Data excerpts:
'''

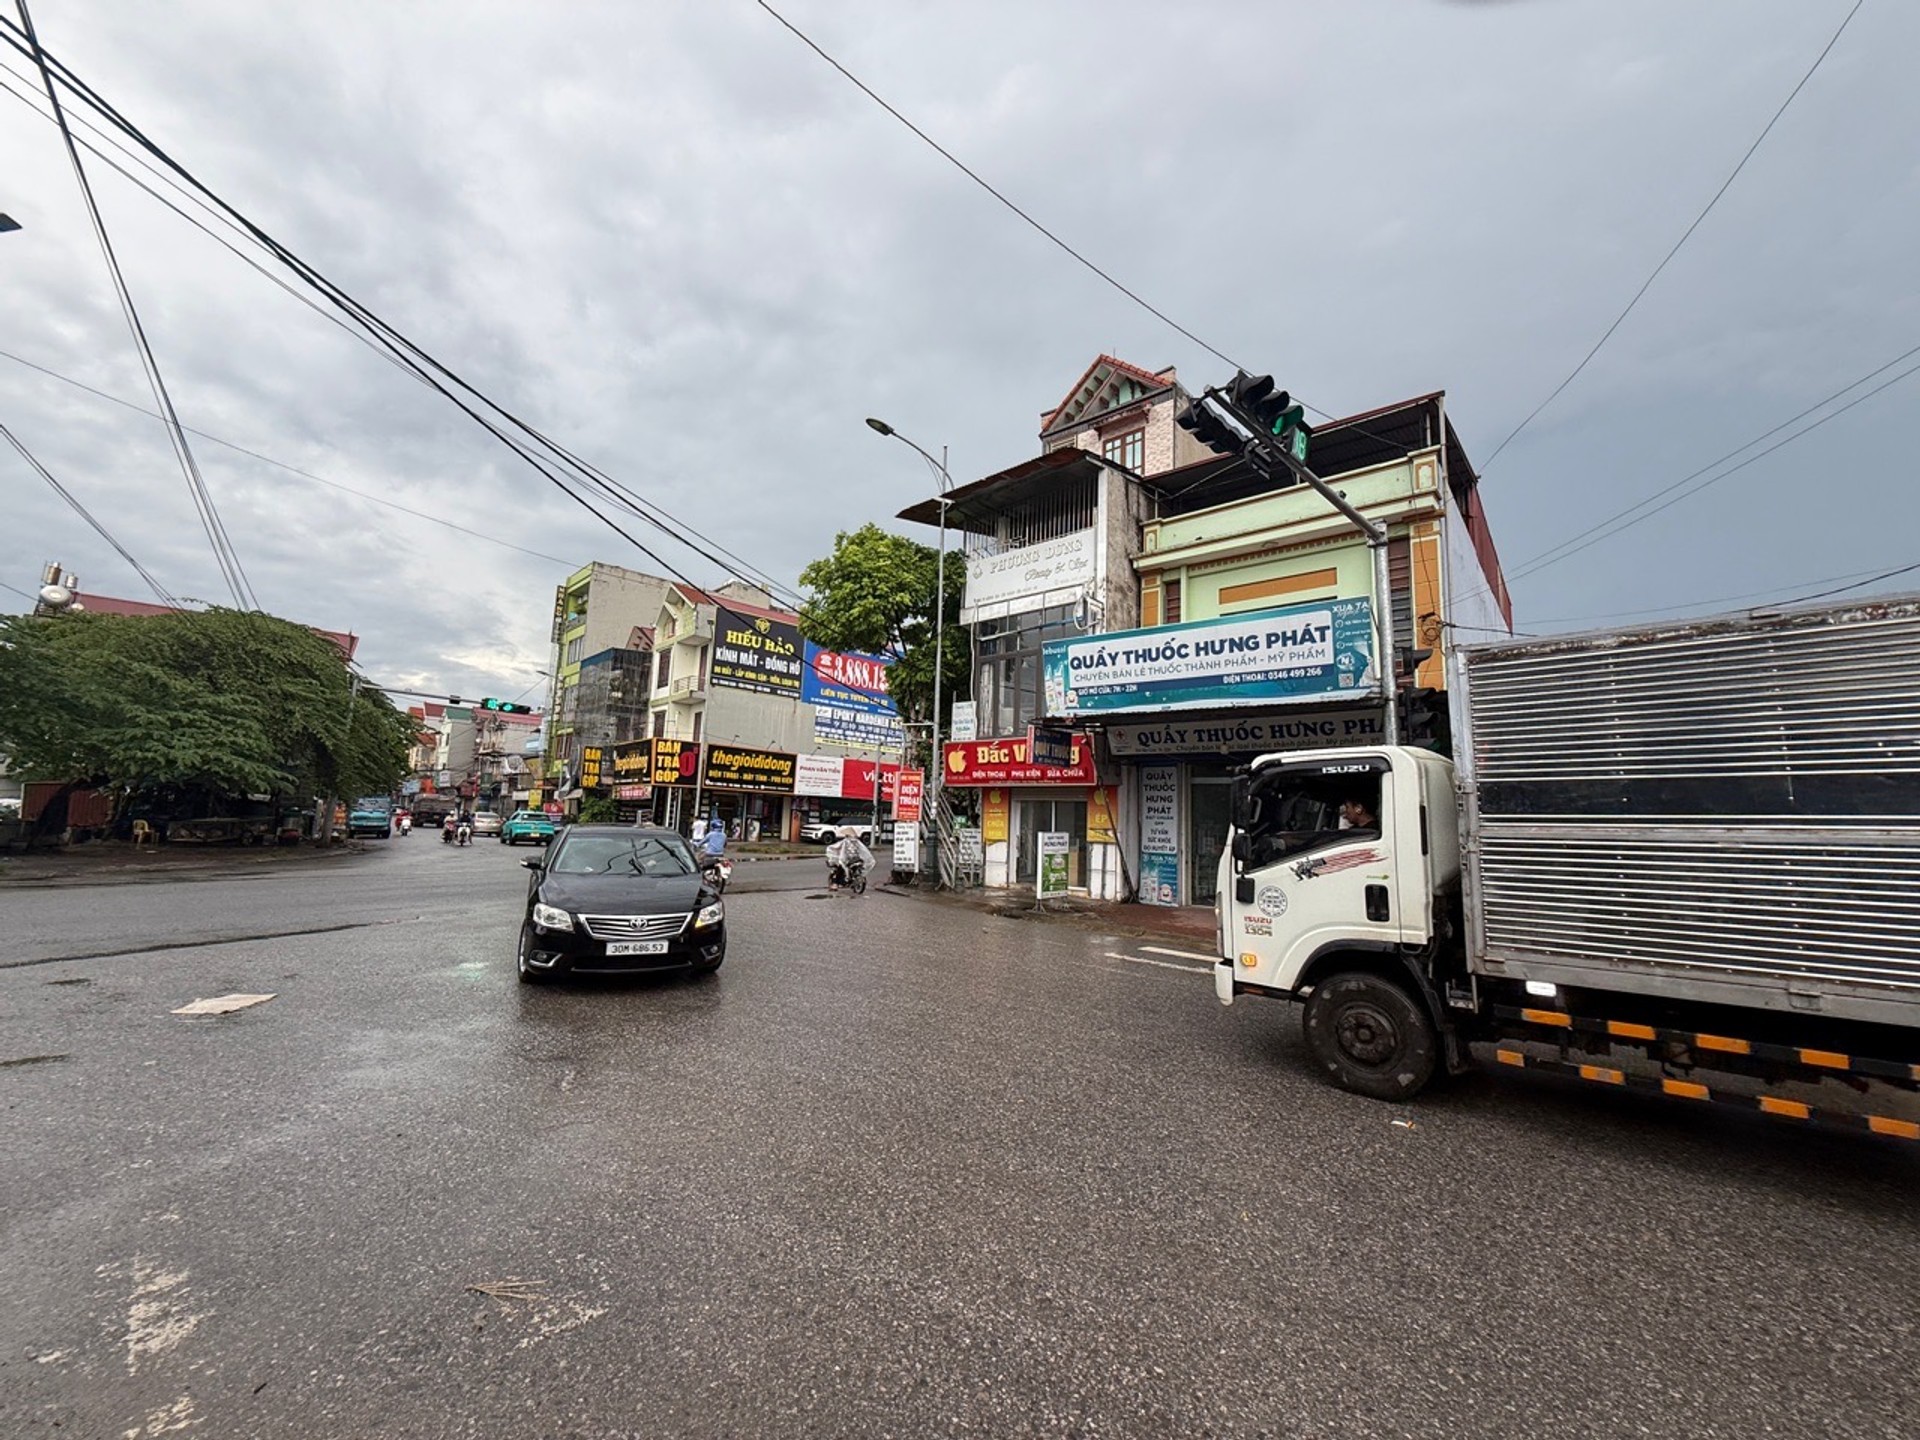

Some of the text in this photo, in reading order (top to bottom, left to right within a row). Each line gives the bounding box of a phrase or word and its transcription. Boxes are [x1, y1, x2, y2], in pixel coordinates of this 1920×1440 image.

[726, 629, 762, 648] HIẾU
[1070, 622, 1331, 671] QUẦY THUỐC HƯNG PHÁT
[715, 646, 738, 663] KÍNH
[740, 650, 758, 667] MẮT
[765, 655, 788, 673] ĐỒNG
[1074, 669, 1110, 682] CHUYÊN
[1112, 667, 1132, 679] BÁN
[1134, 665, 1146, 677] LẺ
[1148, 662, 1182, 676] THUỐC
[1184, 657, 1221, 671] THÀNH
[1224, 653, 1257, 668] PHẨM
[1268, 651, 1285, 664] MỸ
[1289, 647, 1325, 661] PHẨM
[1223, 667, 1322, 685] ĐIỆN THOẠI: 0346 499 266
[1137, 724, 1188, 747] QUẦY
[1193, 720, 1264, 743] THUỐC
[1269, 720, 1336, 739] HƯNG
[657, 740, 682, 754] BÁN
[977, 740, 1009, 764] Đắc
[656, 753, 680, 769] TRẢ
[712, 749, 792, 775] thegioididong
[1322, 763, 1370, 775] ISUZU
[655, 767, 680, 783] GÓP
[1011, 769, 1024, 780] PHỤ
[1026, 768, 1041, 778] KIỆN
[1047, 766, 1062, 778] SỬA
[1062, 767, 1084, 778] CHỮA
[1146, 772, 1173, 780] QUẦY
[1143, 782, 1176, 792] THUỐC
[1146, 794, 1173, 804] HƯNG
[1147, 804, 1172, 815] PHÁT
[1244, 916, 1273, 924] ISUZU

'''

▶ **Task item**:
All that is needed is an exact copy of the entries above, minus the pictures.

▶ **Exercise solution**:
Some of the text in this photo, in reading order (top to bottom, left to right within a row). Each line gives the bounding box of a phrase or word and its transcription. Boxes are [x1, y1, x2, y2], in pixel coordinates of this 1920×1440 image.

[726, 629, 762, 648] HIẾU
[1070, 622, 1331, 671] QUẦY THUỐC HƯNG PHÁT
[715, 646, 738, 663] KÍNH
[740, 650, 758, 667] MẮT
[765, 655, 788, 673] ĐỒNG
[1074, 669, 1110, 682] CHUYÊN
[1112, 667, 1132, 679] BÁN
[1134, 665, 1146, 677] LẺ
[1148, 662, 1182, 676] THUỐC
[1184, 657, 1221, 671] THÀNH
[1224, 653, 1257, 668] PHẨM
[1268, 651, 1285, 664] MỸ
[1289, 647, 1325, 661] PHẨM
[1223, 667, 1322, 685] ĐIỆN THOẠI: 0346 499 266
[1137, 724, 1188, 747] QUẦY
[1193, 720, 1264, 743] THUỐC
[1269, 720, 1336, 739] HƯNG
[657, 740, 682, 754] BÁN
[977, 740, 1009, 764] Đắc
[656, 753, 680, 769] TRẢ
[712, 749, 792, 775] thegioididong
[1322, 763, 1370, 775] ISUZU
[655, 767, 680, 783] GÓP
[1011, 769, 1024, 780] PHỤ
[1026, 768, 1041, 778] KIỆN
[1047, 766, 1062, 778] SỬA
[1062, 767, 1084, 778] CHỮA
[1146, 772, 1173, 780] QUẦY
[1143, 782, 1176, 792] THUỐC
[1146, 794, 1173, 804] HƯNG
[1147, 804, 1172, 815] PHÁT
[1244, 916, 1273, 924] ISUZU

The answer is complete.